Problemas mundiales
A nadie escapa que la organización de los campeonatos mundiales constituye un negocio redondo para la Fifa, pero desde la Copa de Sudáfrica de 2010 se han convertido en un dolor de cabeza para las máximas autoridades del fútbol debido a la aparición de diversos contratiempos, al punto de llevar al titular del organismo, Joseph Blatter a pronunciar la célebre frase y quejosa expresión "es una lucha".
Si en su momento Blatter se puso muy nervioso con el displicente avance de obras para el Mundial sudafricano, ni hablar de su reciente paso por Brasil donde confirmó in situ que los brasileños hasta el momento han removido menos tierra que una tortuga de jardín. "Si no se apuran con las canchas le voy a dar el Mundial a un gobernador argentino de apellido Schiaretti", habría amenazado Blatter, frente a los atemorizados dirigentes del vecino país.
Sin embargo, las autoridades del fútbol brasileño tranquilizaron rápidamente a Blatter diciendo que los estadios se terminarán en tiempo y forma, y que el atraso responde a una lamentable confusión, por supuesto subsanable: simplemente creían que el Mundial se jugaba en 2016 y no en 2014. "Un empleado de nuestra confederación (que ya fue despedido), transcribió por error que el primer partido de nuestro Mundial se iba a jugar el 13 de junio de 2016 y a partir de ahí todos vivimos confundidos hasta ahora", explicó un alto dirigente brasileño.

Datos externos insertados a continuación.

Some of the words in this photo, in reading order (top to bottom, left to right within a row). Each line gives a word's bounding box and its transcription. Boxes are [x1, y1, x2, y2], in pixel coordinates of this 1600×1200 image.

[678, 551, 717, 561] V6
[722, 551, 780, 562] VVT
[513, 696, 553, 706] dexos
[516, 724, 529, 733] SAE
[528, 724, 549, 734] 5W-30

"Si es así no hay problema", habría respondido un Blatter ya más distendido. No obstante, una insistente versión menciona que la lentitud constructiva brasileña responde a que los dirigentes de más edad del país, todavía no se recuperaron de la experiencia traumática del Maracanazo, brutal desenlace del Mundial del '50 cuando Uruguay derrotó a Brasil en la final.
"Los dirigentes de más de 110 años todavía están afectados por aquel partido y consideran que el país no debe organizar otro Mundial hasta que en Uruguay deje de practicarse el fútbol. Ellos son los que tiran para atrás porque aseguran que los uruguayos se agrandan en las copas que organiza Brasil", asegura una fuente de la Confederación Brasileña de Fútbol.

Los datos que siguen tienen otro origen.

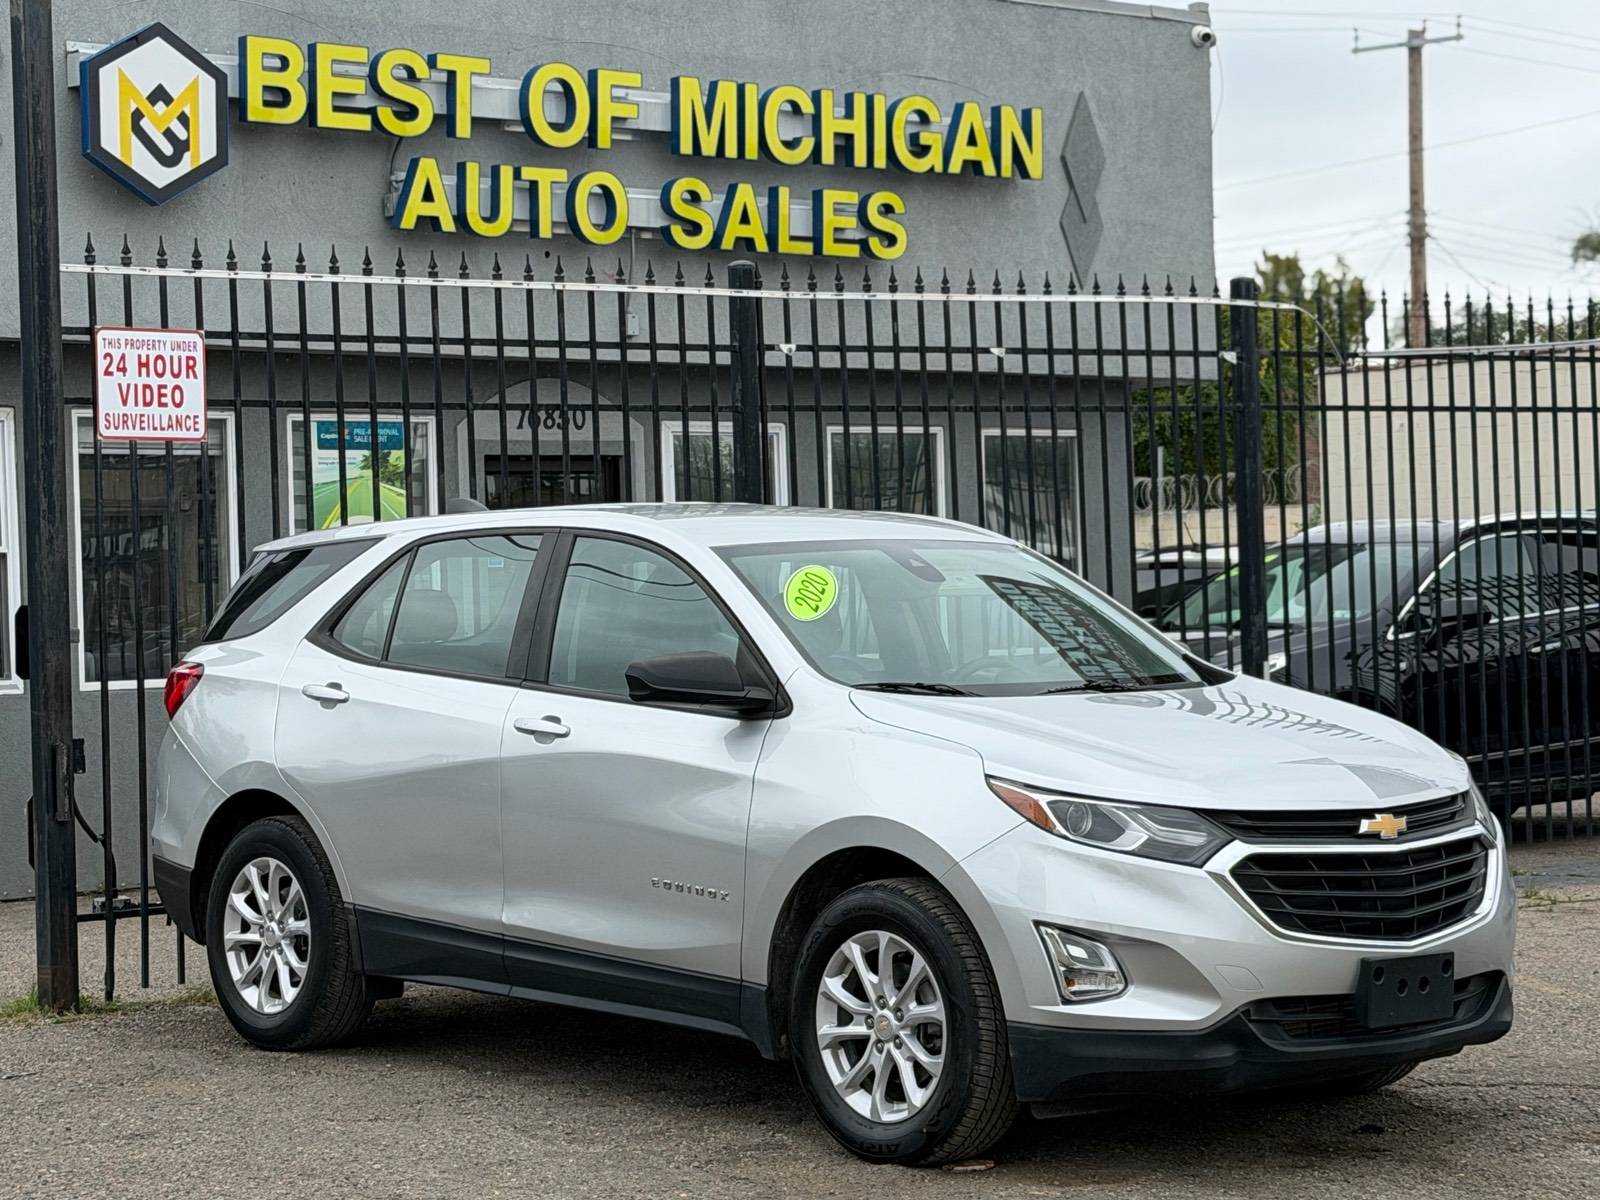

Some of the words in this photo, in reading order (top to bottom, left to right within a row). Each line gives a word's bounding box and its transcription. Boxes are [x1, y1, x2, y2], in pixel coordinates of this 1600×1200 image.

[239, 34, 492, 139] BEST
[519, 62, 643, 149] OF
[670, 75, 1044, 180] MICHIGAN
[391, 156, 630, 245] AUTO
[660, 177, 909, 260] SALES
[102, 338, 122, 350] THIS
[125, 339, 168, 352] PROPERTY
[171, 341, 199, 353] UNDER
[103, 352, 128, 378] 24
[137, 354, 199, 380] HOUR
[117, 383, 185, 409] VIDEO
[104, 413, 200, 433] SURVEILLANCE
[794, 572, 829, 613] 2020
[650, 877, 729, 903] EQUINOX

Pero los problemas de Blatter no se limitan a la falta de velocidad constructiva en el vecino país sino también en una impensado problema generado en el futuro Mundial de Qatar 2022: la falta de nubes en el país. El contratiempo es más grave de lo que se pensaba ya que se calcula que con la evolución actual de calentamiento global, los partidos en el emirato se jugarán bajo temperaturas de hasta 72 grados centígrados.
"¡Cómo que en Qatar no hay nubes!", vociferó Blatter en su despacho al leer los resultados de un informe titulado "La nubosidad en el Golfo Pérsico, 100 años de nada", en el cual se menciona que algunos qataríes de edad avanzada aseguran haber visto un cumulus nimbus con forma de pony en el año '55, pero que el avistamiento nunca fue confirmado oficialmente.
"¡Por qué no me avisaron antes!", se lamentó el presidente de la Fifa al advertir que el Mundial 2022 va a ser el primero en jugarse sin nubes, lo que rompería una arraigada tradición que remonta a 1930. Como una medida desesperada para mantener en pie esta costumbre y bajar unos grados la temperatura en las canchas, un ingeniero qatarí diseñó gigantescas nubes artificiales autopropulsadas, dirigidas por control remoto y elaboradas con fibra de carbono ultraliviano. Se trataría en realidad de enormes dirigibles chatos rellenos de helio destinados a deambular por sobre las canchas del Mundial del 22. La idea aterrorizó a Blatter quien impresionado por las imágenes de la tragedia del Hindemburg del año '37, no quiere saber nada con ningún dirigible con forma de nube sobrevolando torneos organizados por la Fifa. Pensar que para el Mundial del '30, los uruguayos se las arreglaron con el Centenario y un par estadios de emergencia, y a Jules Rimet no se le movió ni un pelo.